The book seems to address a general audience in addition to a medical one. As medical historian Clara Pinto Correia has observed, one of Andry's principal purposes was to educate the public about the new science that was emerging from under the microscope. He wrote, "We must admit that there are animals a thousand times less than a grain of dust, which we can scarcely see. [...] Our imagination loses itself in this thought, it is amazed at such a strange littleness; but to what purpose should it deny it? Reason convinces us of the existence of that which we cannot conceive."

The book was well-received, and became a standard text in the field. Andry was appointed Dean of the Faculté de Médecine de Paris in 1724.

==Orthopædia==
Andry published his introduction to orthopedics in 1741 under the title Orthopédie, then a neologism. It was translated into English in 1743 as Orthopædia. Aimed more at parents than physicians, the book presents a theory of human anatomy, skeletal structure, and growth, along with instructions for correcting deformity. Andry explains in the book that he formed its title "of two Greek Words, viz. Orthos, which signifies straight, free from deformity, and Pais, a Child. Out of these two words I have compounded that of Orthopædia, to express in one Term the Design I Propose, which is to teach the different Methods of preventing and correction of Deformities of Children."

Frontispiece of Orthopaedia

Though the book was read and cited extensively in the period, its main lasting influence in medicine has been its title, which became the name of the field devoted to skeletal and related injuries and ailments (later modified to "orthopædics" and "orthopaedics" or, in American spelling, "orthopedics"). Outside of medicine, the principal impact of the book derives from the engraving on the frontispiece, which shows a straight stake tied to a crooked sapling, a metaphor for the correction of deformities in children. The engraving captured the attention of contemporary readers; it is referred to, for example, in George Colman's 1787 comic opera Inkle and Yarico.

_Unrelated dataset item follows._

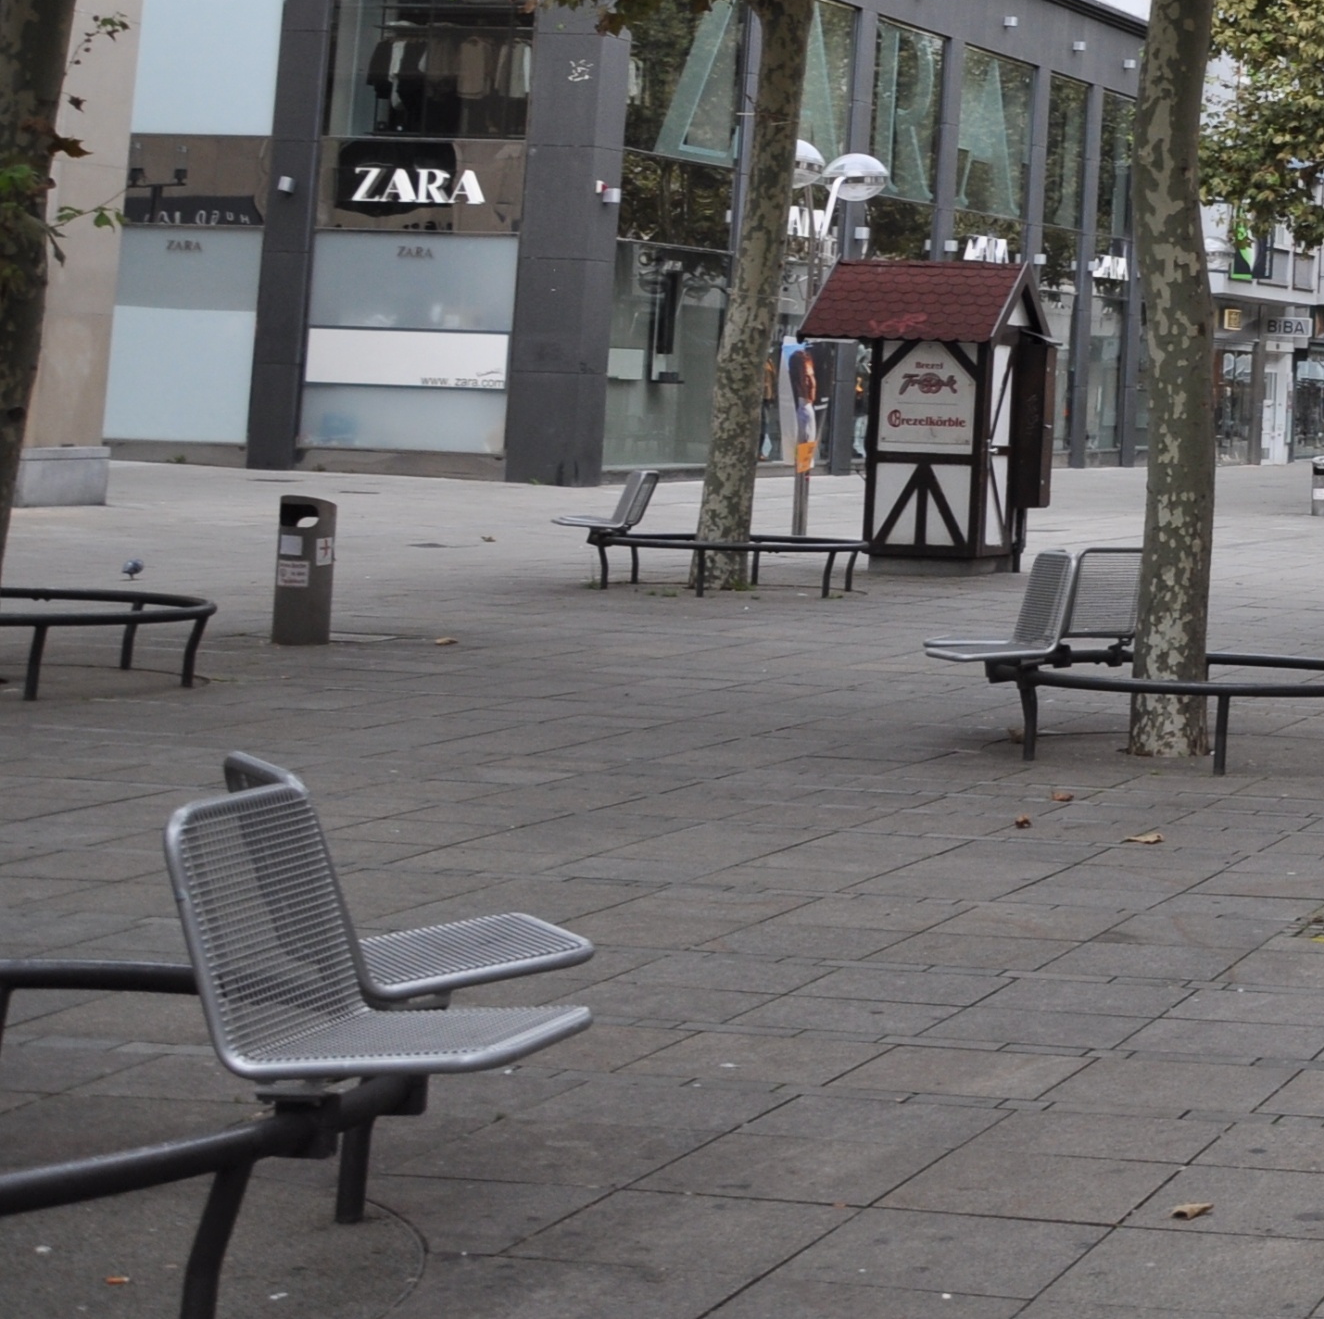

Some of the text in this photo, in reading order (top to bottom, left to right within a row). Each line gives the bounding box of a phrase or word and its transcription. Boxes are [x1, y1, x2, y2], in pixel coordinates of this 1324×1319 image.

Andry's frontispiece has played a significant role in the cultural studies of eighteenth-century medicine. It is included, without comment, as the last in a series of ten eighteenth- and nineteenth-century illustrations in Michel Foucault's influential study of the history of correction, Discipline and Punish. Scholar Paolo Palladino has explained Foucault's use of the image as showing that "practices as disparate as orthopedics and horticulture were increasingly predicated on operative principles that focused on the manipulation of these different life forms' presumed common material substance. Moreover, the image raises questions of agency, since it is unclear who exactly bound the tree: no human or divine form is visible anywhere in the background; the image therefore accorded with Foucault's understanding that the operation of these principles was invisible and pervasive."

A simplified version of Andry's illustration continues to serve as the international symbol for orthopedics, used by a number of different institutions in multiple countries.

==Modern recognition==
In conjunction with Clinical Orthopaedics and Related Research, the Association of Bone and Joint Surgeons presents three awards annually including the Nicolas Andry Award.